There's a particular poignancy to Welsh's timing. He's currently promoting the return of his Trainspotting saga with a new novel, "Men in Love," which continues to follow the damaged, magnetic characters readers first encountered decades ago. The franchise that made Welsh's name is built on the premise that broken people—addicts, criminals, the economically abandoned—contain depths worth exploring. It's a literary argument against dismissal, against the easy moral certainties that allow us to look away.

Welsh also touches on another dimension of young male experience: the bewildering compression of adulthood. In your twenties, he observes, you don't even know which pub you'll drink in next, yet you're forced to make the decisions that will define the rest of your life. That's a different kind of crisis than addiction or poverty, but it's real—the vertigo of early manhood in a world that offers no clear map. Fiction, traditionally, has been one place where young people could rehearse such confusion, could watch others navigate it, could borrow language and frameworks for understanding their own experience.

What Welsh is describing, then, is not simply a reading problem but a kind of developmental one. If young men are losing empathy, if they're retreating into screens, if they're making life-defining choices without the imaginative resources that fiction provides, the implications ripple outward. The question his commentary raises is whether this is a temporary cultural shift or something more structural—whether an entire generation of men is being formed by a fundamentally different set of tools than their predecessors, tools that may be excellent at many things but are notably poor at teaching you how to feel what someone else feels.

Young men in their twenties don't know which pub they'll drink in next, yet they must make the decisions that will define their entire lives
— Irvine Welsh
Phones are as destructive as heroin because they pull us downward with the same inexorable gravity and false promise of escape
— Irvine Welsh
The Hearth Conversation Another angle on the story
Inventor

When you say young men have lost empathy, are you describing something you've observed directly, or is this more of a cultural intuition?

Model

It's both.
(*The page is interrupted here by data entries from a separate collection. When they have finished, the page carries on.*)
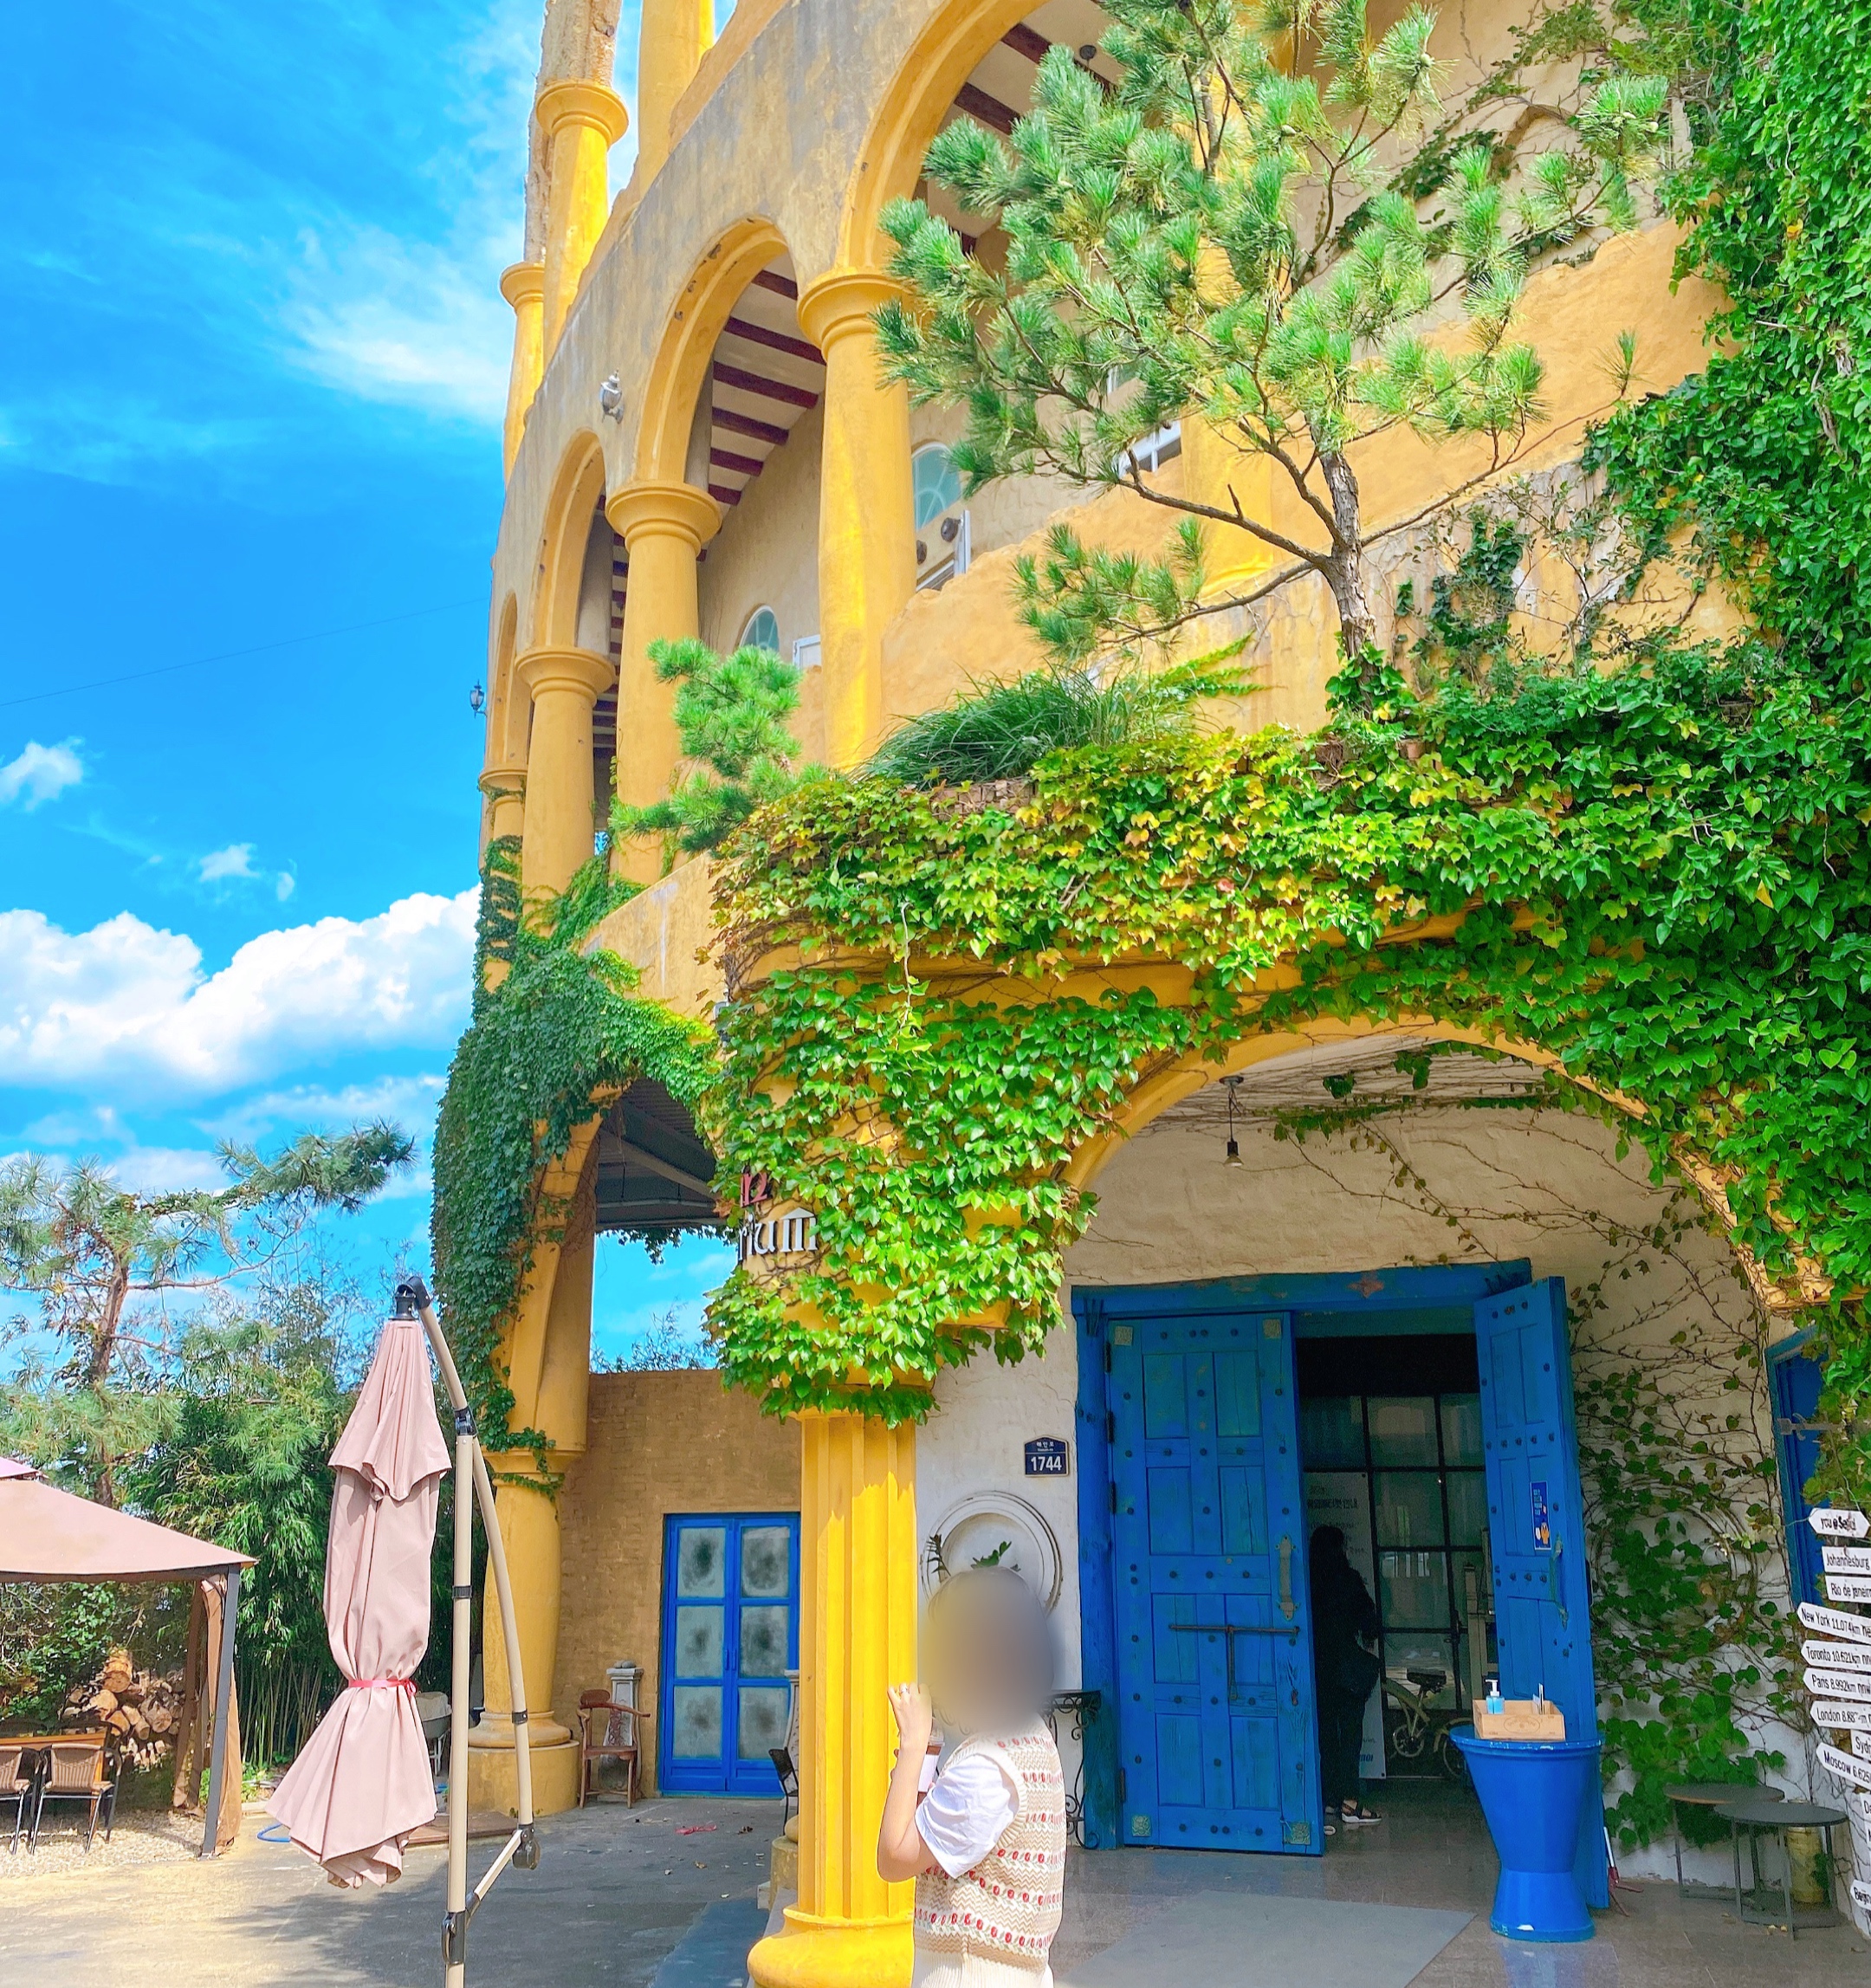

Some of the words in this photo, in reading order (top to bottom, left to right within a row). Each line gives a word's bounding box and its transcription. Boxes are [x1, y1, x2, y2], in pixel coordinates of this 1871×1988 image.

[1031, 1455, 1062, 1471] 1744
[1826, 1553, 1870, 1570] Johannesburg
[1830, 1583, 1842, 1596] Rio
[1842, 1583, 1851, 1596] de
[1802, 1608, 1815, 1622] New
[1815, 1611, 1830, 1628] York
[1806, 1646, 1831, 1661] Toronto
[1811, 1674, 1829, 1689] Paris
[1816, 1706, 1841, 1722] London
[1823, 1750, 1851, 1774] Moscow
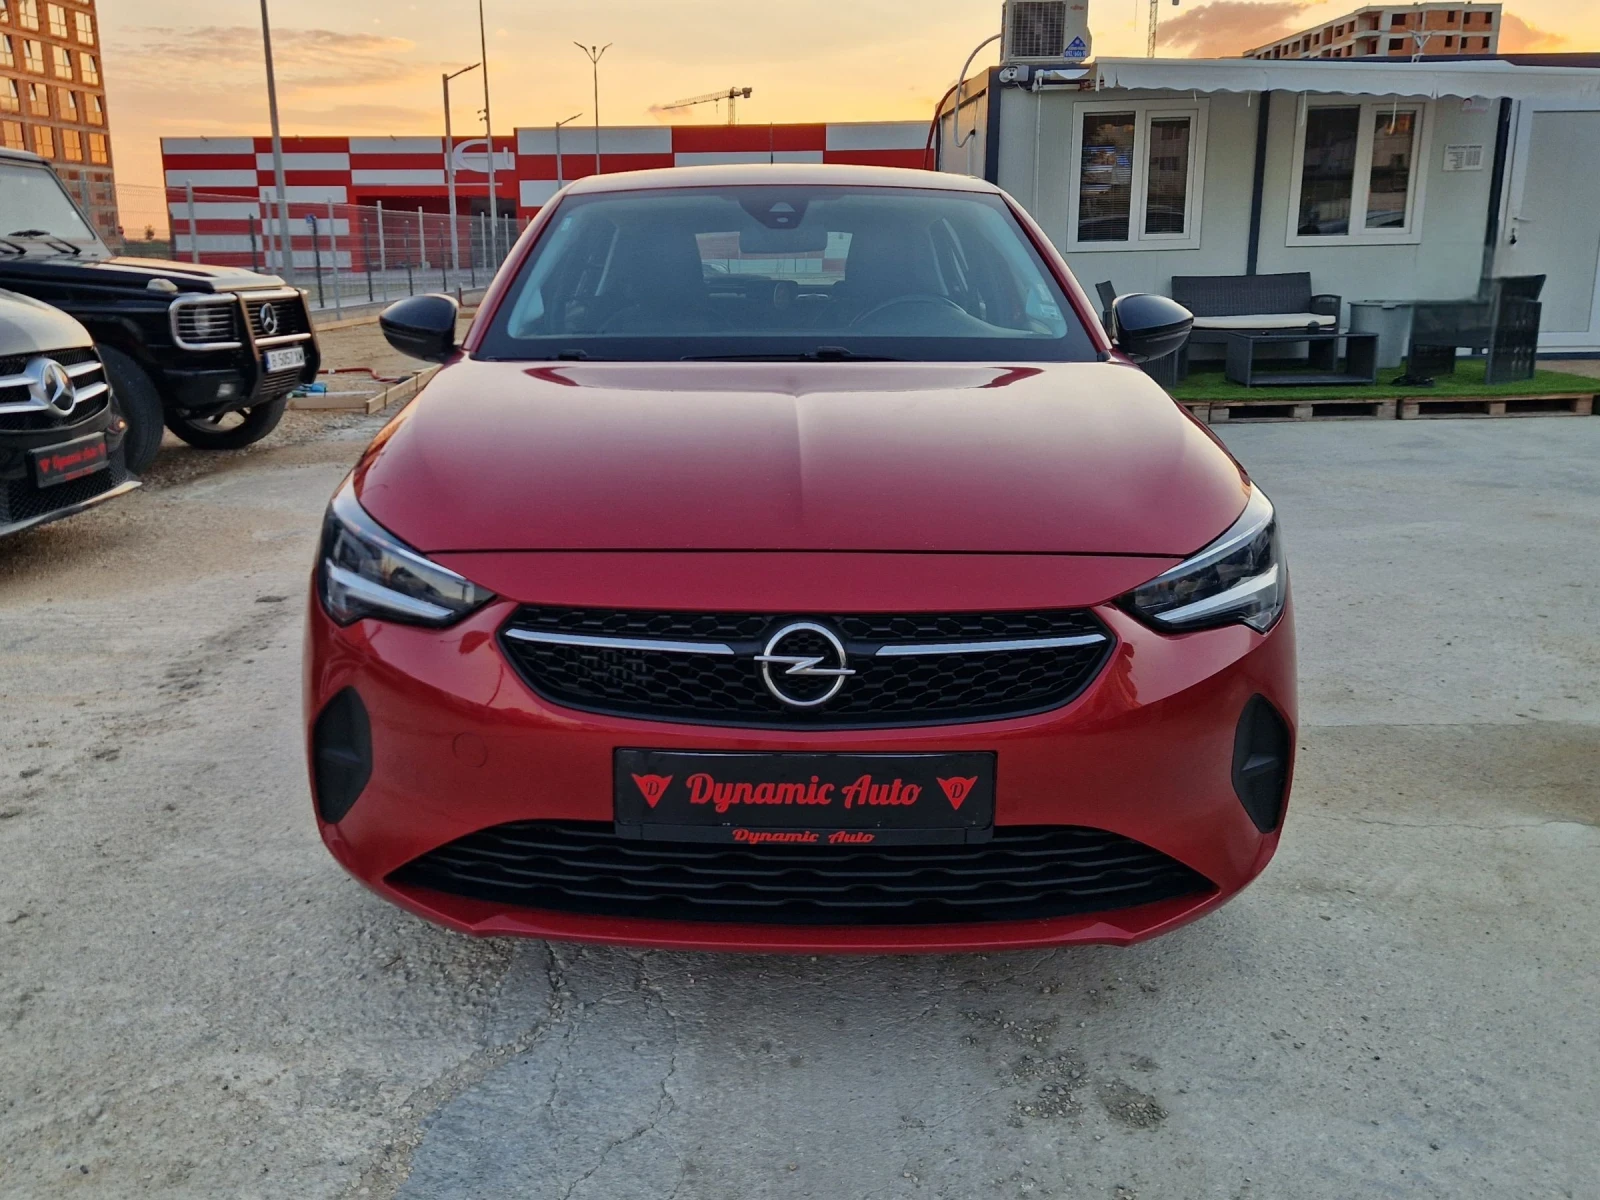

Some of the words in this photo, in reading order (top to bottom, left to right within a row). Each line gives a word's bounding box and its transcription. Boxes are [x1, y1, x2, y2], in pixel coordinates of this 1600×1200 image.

I see it in the readers I encounter, the ones who do still read—they're overwhelmingly women. But it's also what the data suggests, what teachers and parents report. The empathy question isn't abstract; it's about whether you can imagine yourself into someone else's skin.

Inventor

But couldn't you argue that young men are just reading differently—online, in different formats? Why does it have to be novels specifically?

Model

Because novels demand something particular. They require sustained attention to interiority, to the slow accumulation of understanding another person's contradictions. A tweet or a video doesn't do that. It can't. The form itself is the message.

Inventor

You compare phones to heroin. That's a strong claim. Do you really think the mechanism is the same?

Model

The mechanism of addiction is remarkably consistent. The promise of relief, the dopamine hit, the escalating need for more. I've written about heroin for decades. I recognize the pattern when I see it.

Inventor

Your new book returns to Trainspotting characters. Are you suggesting that fiction about damaged people is somehow more important now than it was before?

Model

I'm suggesting it's more necessary. If young men aren't reading at all, they're missing the chance to understand people who aren't like them, people society has written off. That's not a luxury. That's essential.

Inventor

What would it take to reverse this? Can novels compete with screens?

Model

Not by trying to be screens. By being what they've always been—a space where you have to slow down, where you have to think, where you have to feel. Whether that's enough anymore, I honestly don't know.